Arval, compañía de movilidad del grupo BNP Paribas, aconseja a todos sus clientes llevar a bordo lo que se conoce como “hoja de rescate”, que puede salvar vidas en caso de accidente. Se trata, asimismo, de un servicio que los talleres pueden dar con muy poco esfuerzo.

Recordemos que en alrededor del 6% de los accidentes con daños ocurridos en Europa los bomberos tienen que intervenir para liberar a la víctima. Si tenemos en cuenta que el lapso entre el accidente y el ingreso en el hospital, conocido como la “hora de oro”, no debe superar los 60 minutos, toda ayuda que permita reducir el tiempo de rescate es más que bienvenida.

Es bien cierto que los vehículos incorporan cada vez un mayor equipamiento de seguridad, convirtiéndose en auténticas obras de la tecnología.

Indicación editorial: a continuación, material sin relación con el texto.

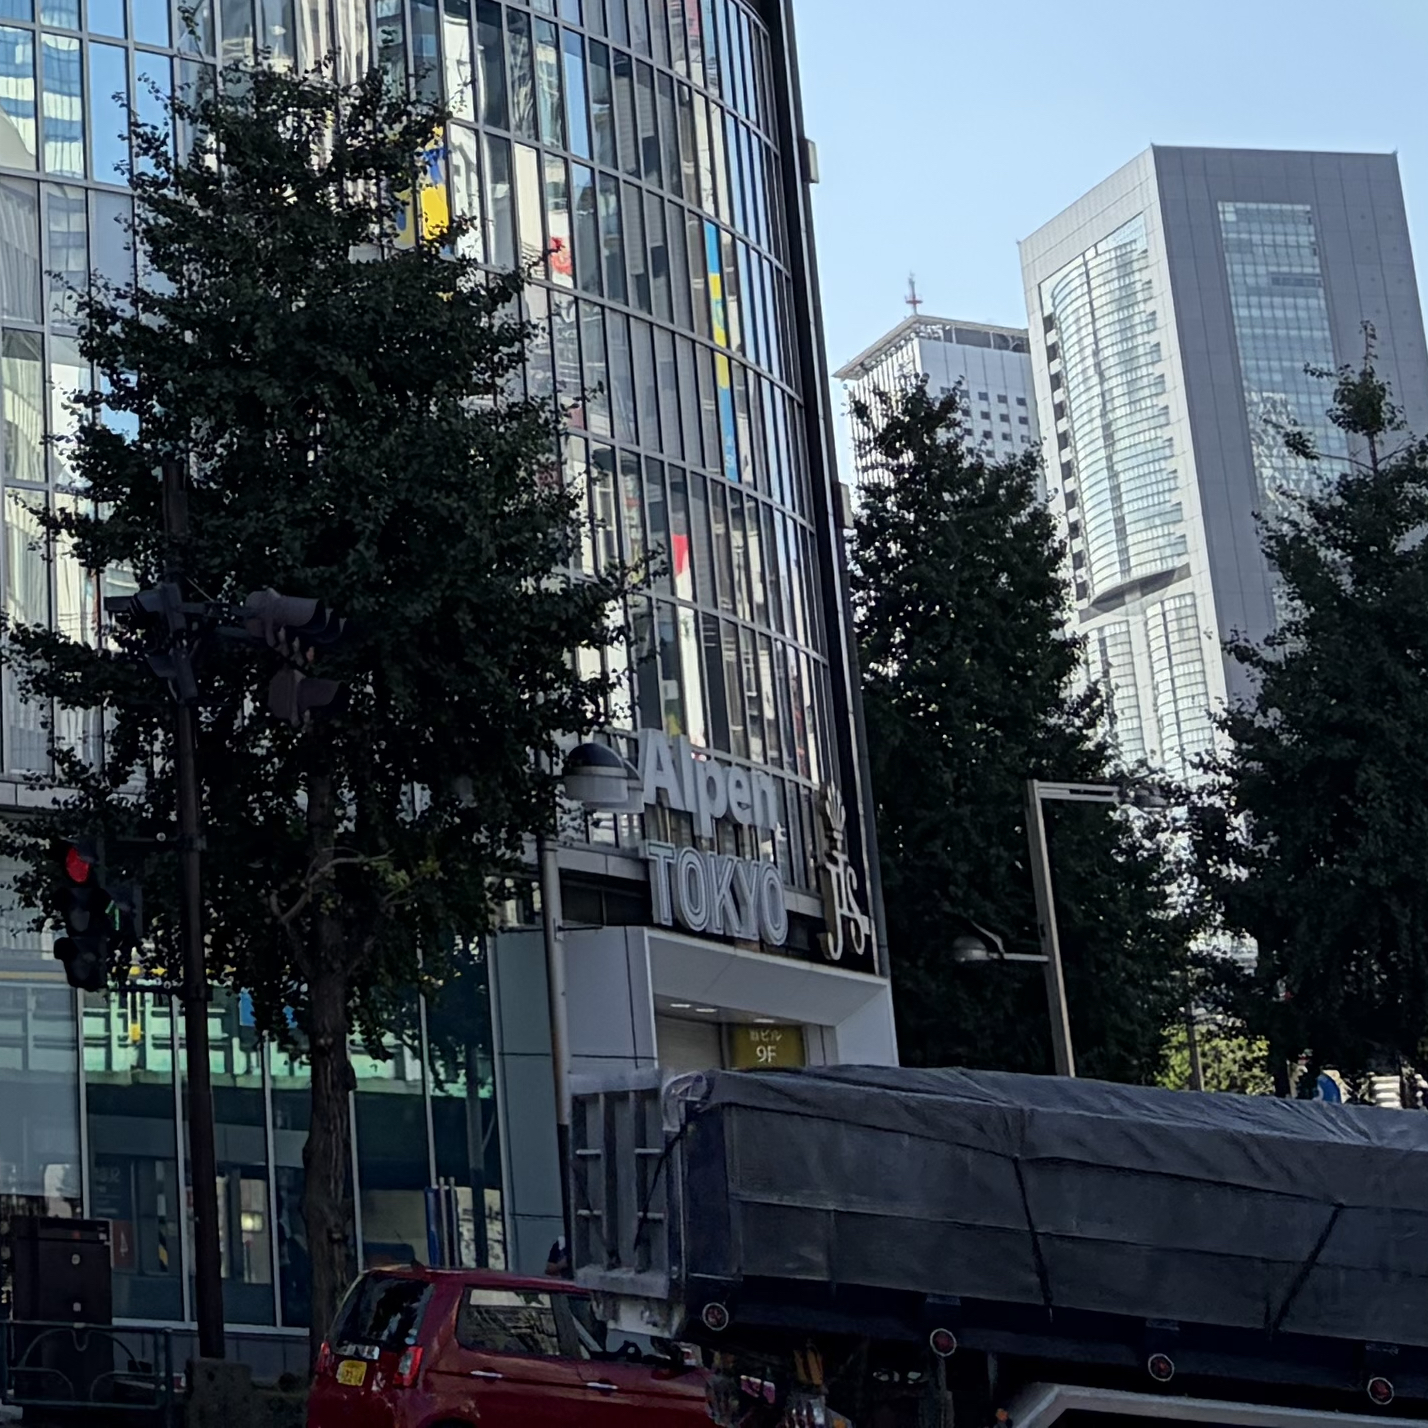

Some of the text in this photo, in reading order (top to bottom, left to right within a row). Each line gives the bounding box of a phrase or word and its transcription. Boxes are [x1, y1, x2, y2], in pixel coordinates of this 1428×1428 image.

[638, 726, 781, 839] Alpen
[639, 840, 789, 947] TOKYO
[755, 1045, 777, 1063] 9F
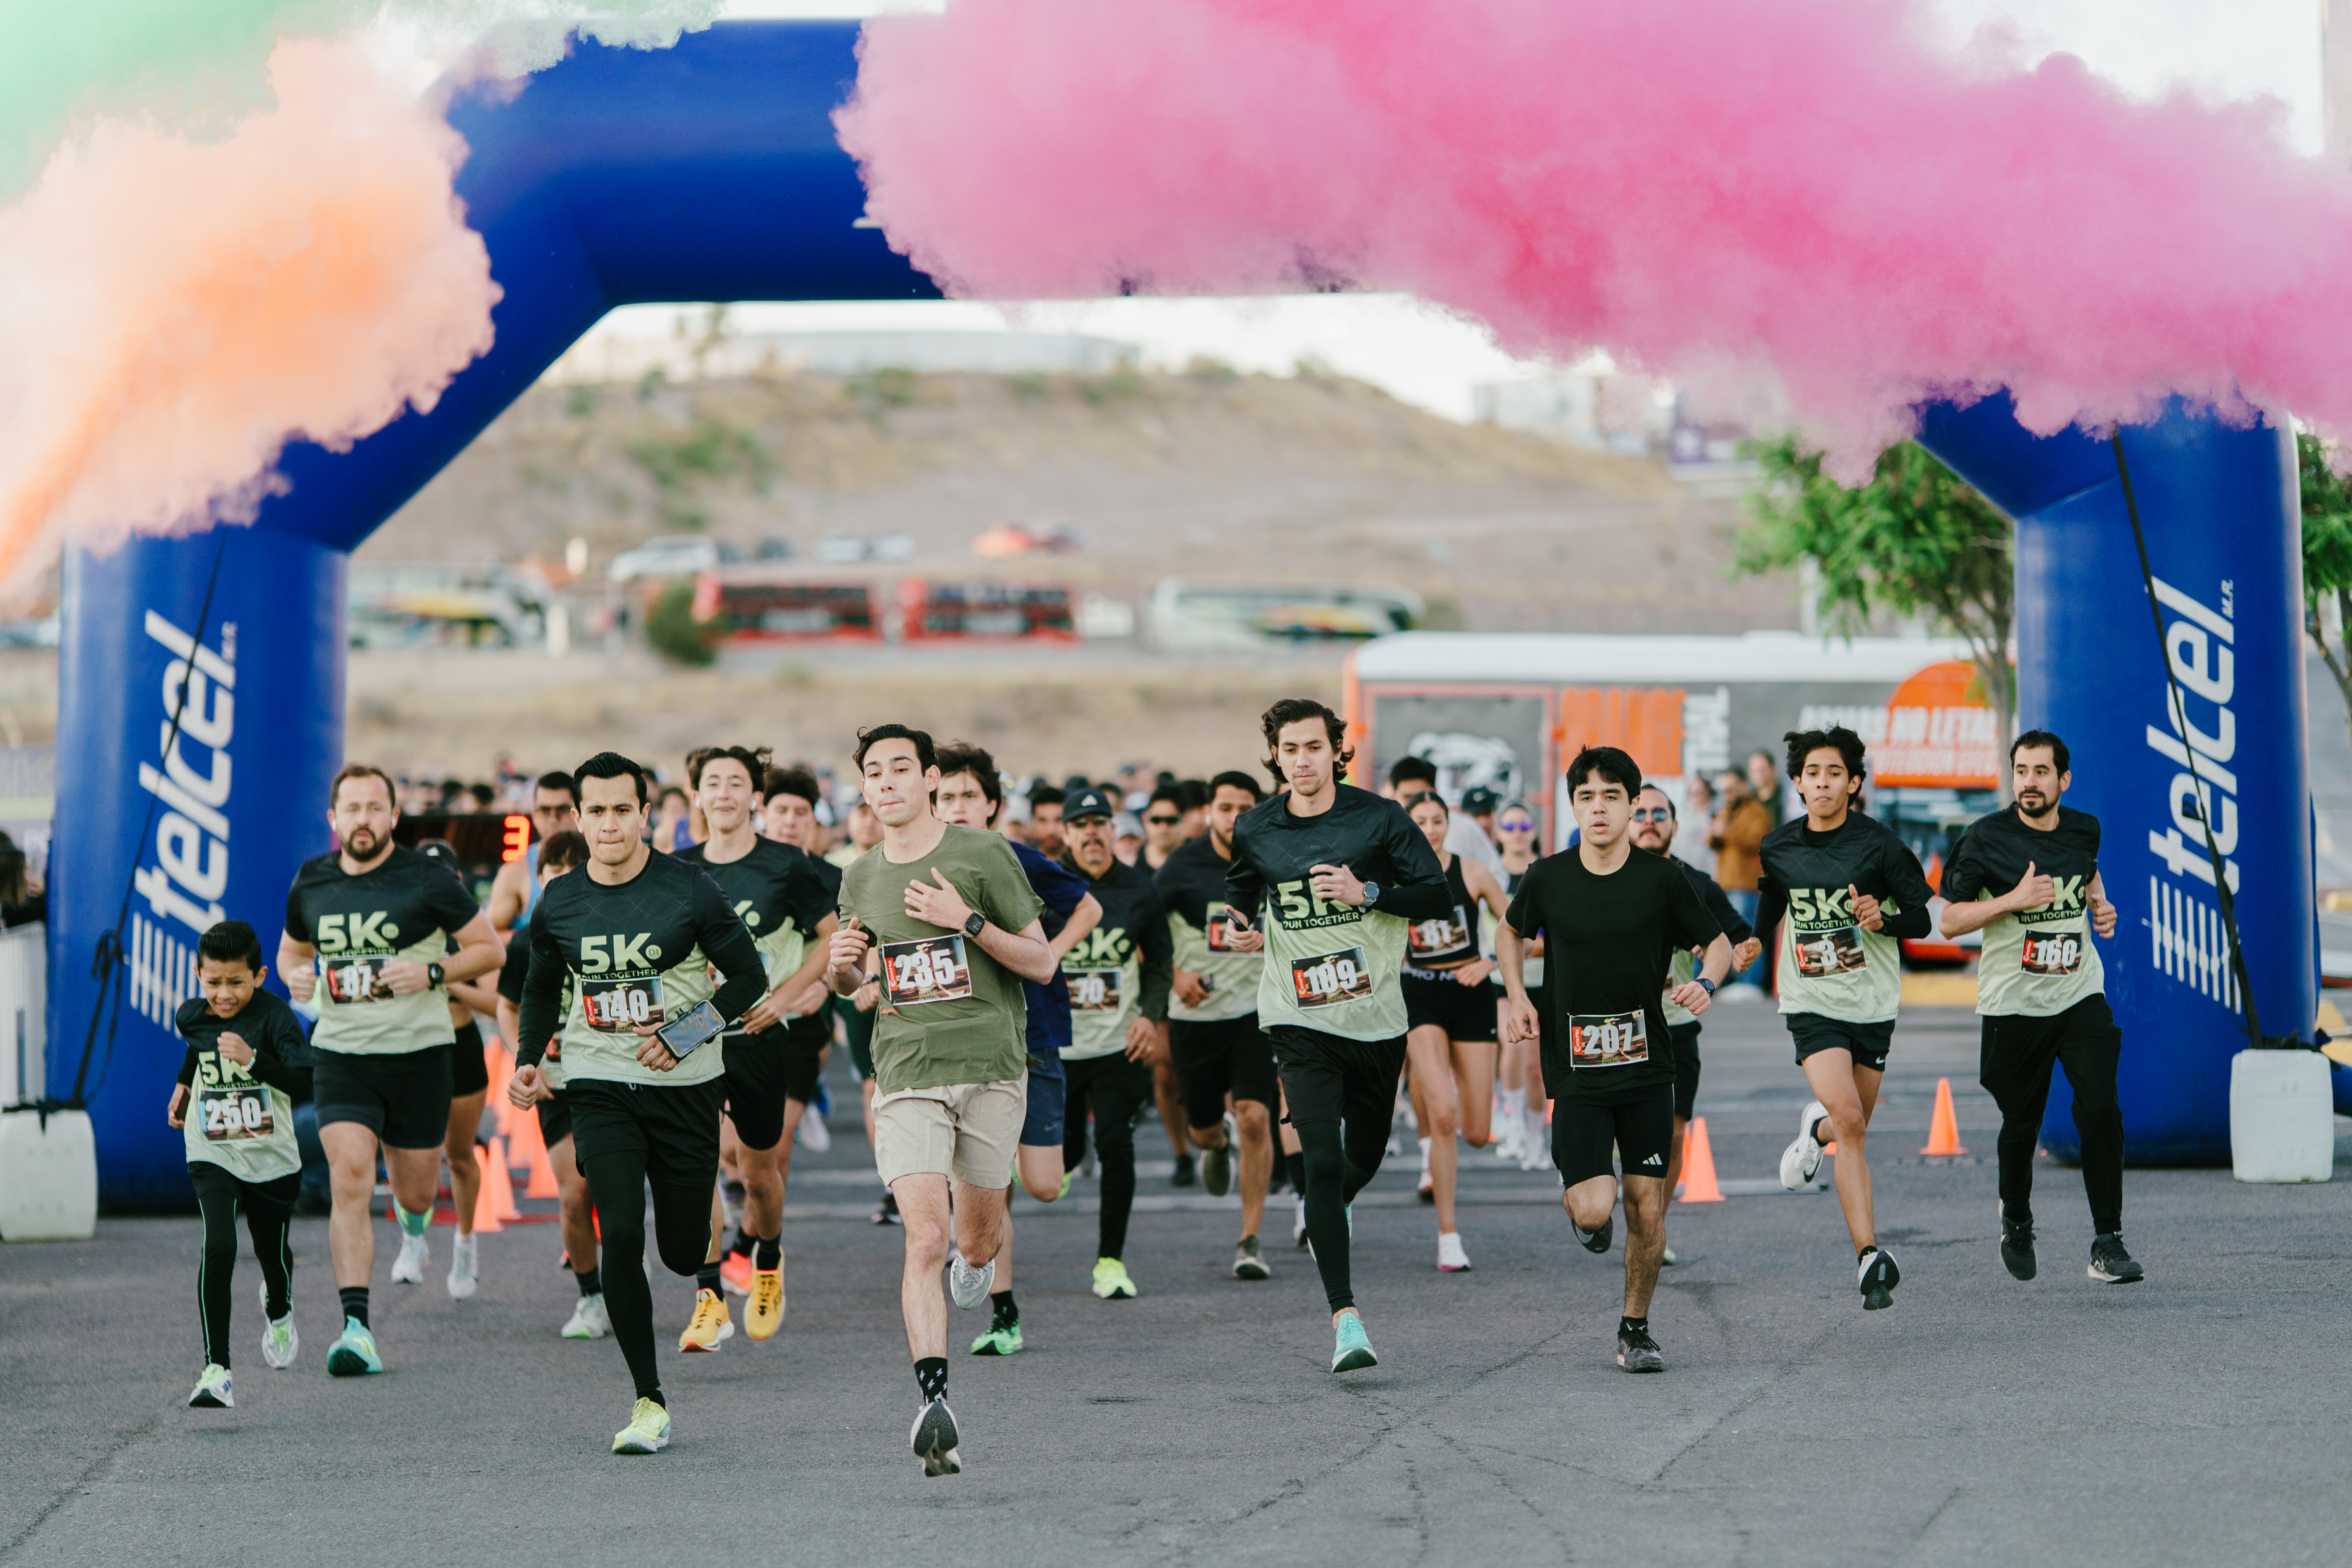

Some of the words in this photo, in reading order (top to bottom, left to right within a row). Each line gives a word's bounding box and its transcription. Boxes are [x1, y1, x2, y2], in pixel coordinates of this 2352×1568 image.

Sin embargo, muchas veces, esta complejidad tecnológica puede hacer que los equipos de rescate encuentren dificultades para liberar al accidentado que queda atrapado en el coche.

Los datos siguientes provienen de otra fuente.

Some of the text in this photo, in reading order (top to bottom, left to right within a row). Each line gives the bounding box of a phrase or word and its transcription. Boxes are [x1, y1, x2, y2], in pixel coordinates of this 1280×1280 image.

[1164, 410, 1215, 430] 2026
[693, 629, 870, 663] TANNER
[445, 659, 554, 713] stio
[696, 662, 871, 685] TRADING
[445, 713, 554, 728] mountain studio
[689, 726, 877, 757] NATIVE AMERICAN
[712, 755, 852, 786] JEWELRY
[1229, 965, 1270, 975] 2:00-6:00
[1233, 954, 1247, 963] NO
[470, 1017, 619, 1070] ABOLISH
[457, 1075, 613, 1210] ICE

La hoja de rescate es un documento en formato A4 que reúne toda la información técnica de cada modelo de vehículo: travesaños, refuerzos, generadores de gas, tensores de cinturones o la ubicación de la batería son algunos de los datos que refleja, con el fin de que los bomberos identifiquen rápidamente la zona de corte más adecuada para atender a los afectados lo más rápido posible.

El protocolo establece que la hoja de rescate debe colocarse impresa a color en el parasol del asiento del conductor. Además, para que los equipos de bomberos sepan que el vehículo la lleva a bordo, es necesario colocar una pegatina identificativa en la parte inferior derecha de la luna delantera del coche. Este sencillo gesto puede reducir en un 63% posibles complicaciones al liberar a los accidentados.